TASK ITEM: Please reproduce the listing in its entirety, exactly as written, but without images.

━━━━━ RECORD EXCERPTS ━━━━━

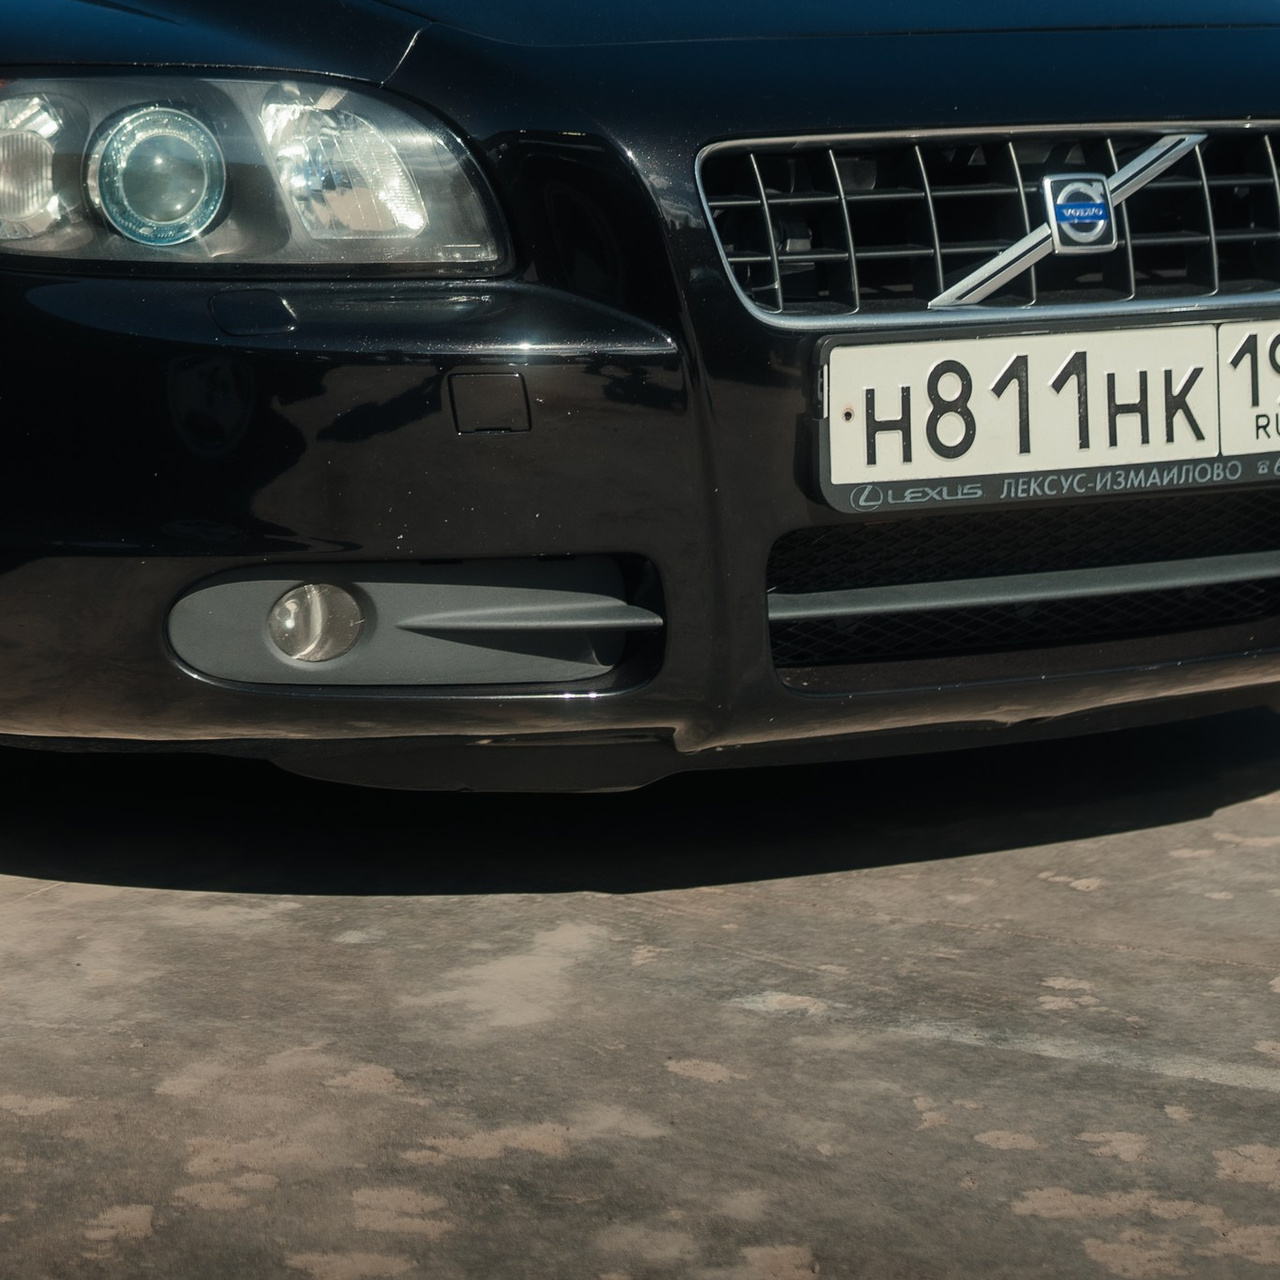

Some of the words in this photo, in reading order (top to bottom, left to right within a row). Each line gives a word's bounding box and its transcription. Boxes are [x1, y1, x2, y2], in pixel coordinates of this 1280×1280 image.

[1062, 207, 1103, 217] VOLVO
[1255, 413, 1280, 440] R
[887, 483, 983, 504] LEXUS
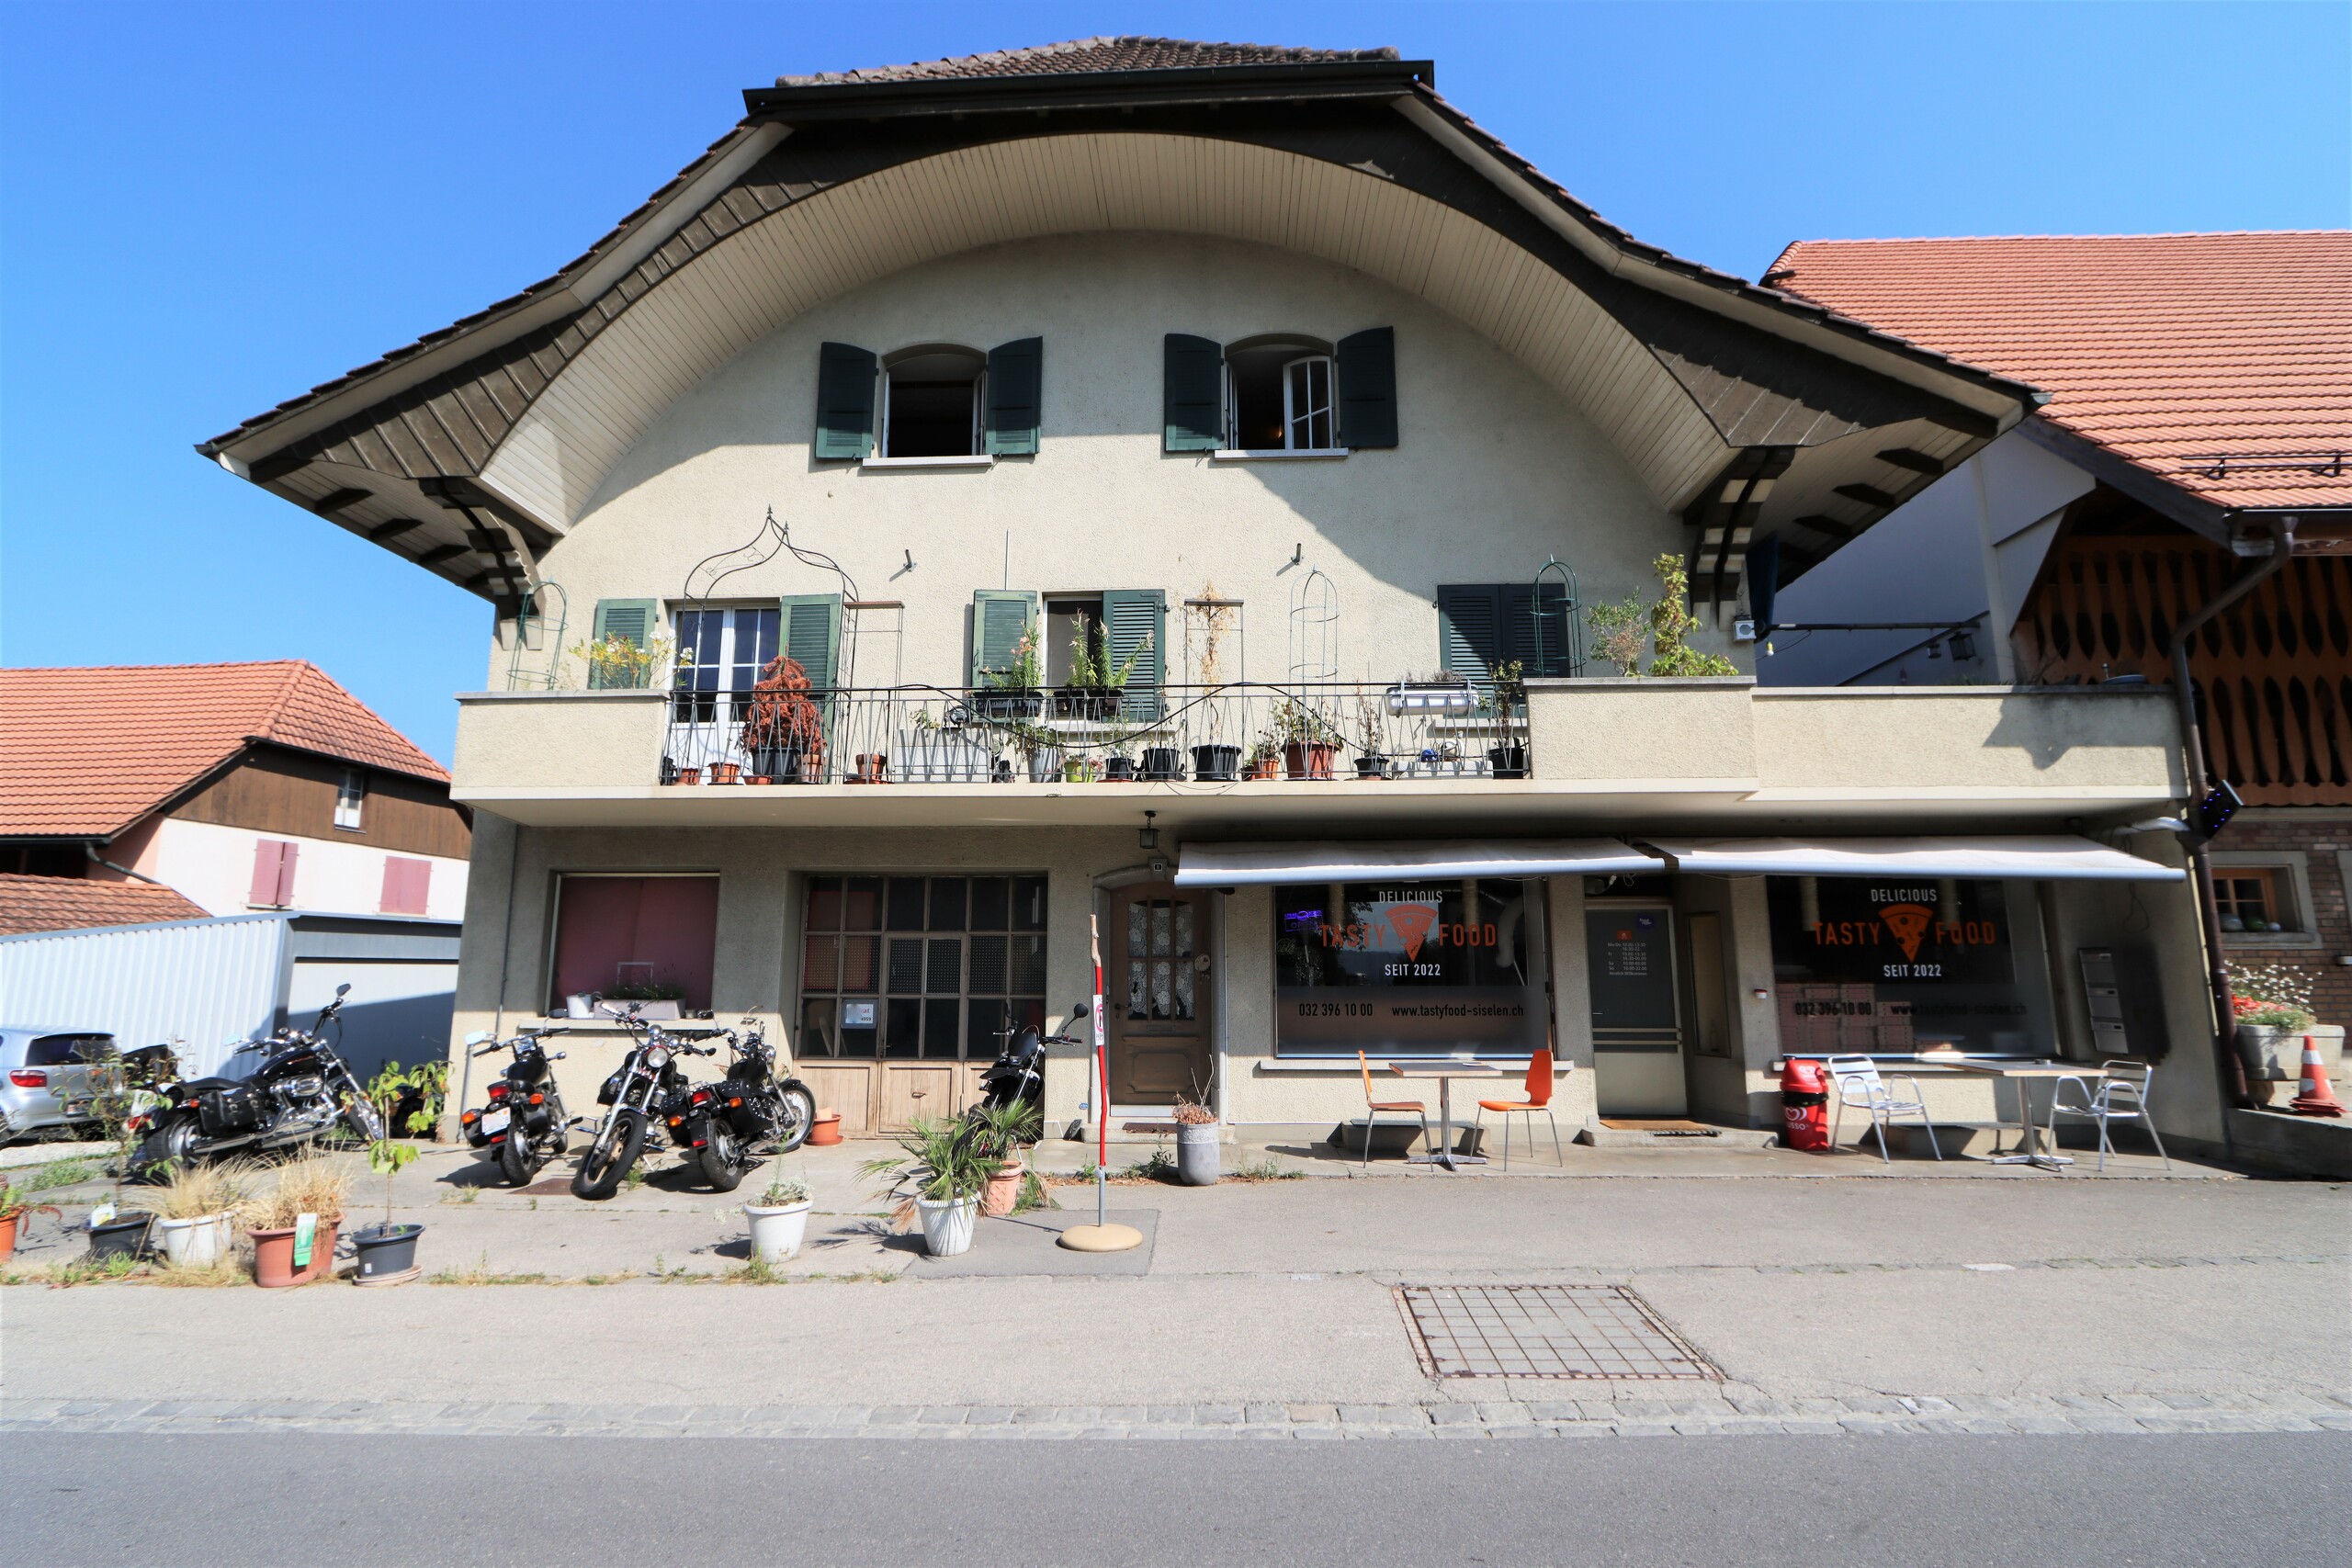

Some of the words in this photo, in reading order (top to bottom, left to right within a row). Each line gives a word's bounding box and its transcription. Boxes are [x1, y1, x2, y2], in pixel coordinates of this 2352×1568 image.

[1379, 890, 1443, 904] DELICIOUS
[1871, 889, 1938, 902] DELICIOUS
[1319, 924, 1385, 948] TASTY
[1439, 923, 1498, 947] FOOD
[1811, 921, 1881, 945] TASTY
[1935, 921, 1996, 945] FOOD
[1385, 964, 1408, 976] SEIT
[1414, 964, 1441, 976] 2022
[1883, 964, 1909, 977] SEIT
[1914, 964, 1941, 977] 2022
[1298, 1003, 1317, 1017] 032
[1321, 1003, 1340, 1017] 396
[1345, 1003, 1356, 1017] 10
[1360, 1003, 1374, 1017] 00
[1392, 1003, 1524, 1020] www.tastyfood-siselen.ch
[1794, 1002, 1815, 1016] 032
[1818, 1002, 1838, 1016] 396
[1841, 1002, 1855, 1015] 10
[1859, 1002, 1871, 1015] 00
[1786, 1122, 1806, 1130] USSO

━━━━━

RESULT BELOW:
Some of the words in this photo, in reading order (top to bottom, left to right within a row). Each line gives a word's bounding box and its transcription. Boxes are [x1, y1, x2, y2], in pixel coordinates of this 1280×1280 image.

[1062, 207, 1103, 217] VOLVO
[1255, 413, 1280, 440] R
[887, 483, 983, 504] LEXUS

Some of the words in this photo, in reading order (top to bottom, left to right within a row). Each line gives a word's bounding box and its transcription. Boxes are [x1, y1, x2, y2], in pixel coordinates of this 2352×1568 image.

[1379, 890, 1443, 904] DELICIOUS
[1871, 889, 1938, 902] DELICIOUS
[1319, 924, 1385, 948] TASTY
[1439, 923, 1498, 947] FOOD
[1811, 921, 1881, 945] TASTY
[1935, 921, 1996, 945] FOOD
[1385, 964, 1408, 976] SEIT
[1414, 964, 1441, 976] 2022
[1883, 964, 1909, 977] SEIT
[1914, 964, 1941, 977] 2022
[1298, 1003, 1317, 1017] 032
[1321, 1003, 1340, 1017] 396
[1345, 1003, 1356, 1017] 10
[1360, 1003, 1374, 1017] 00
[1392, 1003, 1524, 1020] www.tastyfood-siselen.ch
[1794, 1002, 1815, 1016] 032
[1818, 1002, 1838, 1016] 396
[1841, 1002, 1855, 1015] 10
[1859, 1002, 1871, 1015] 00
[1786, 1122, 1806, 1130] USSO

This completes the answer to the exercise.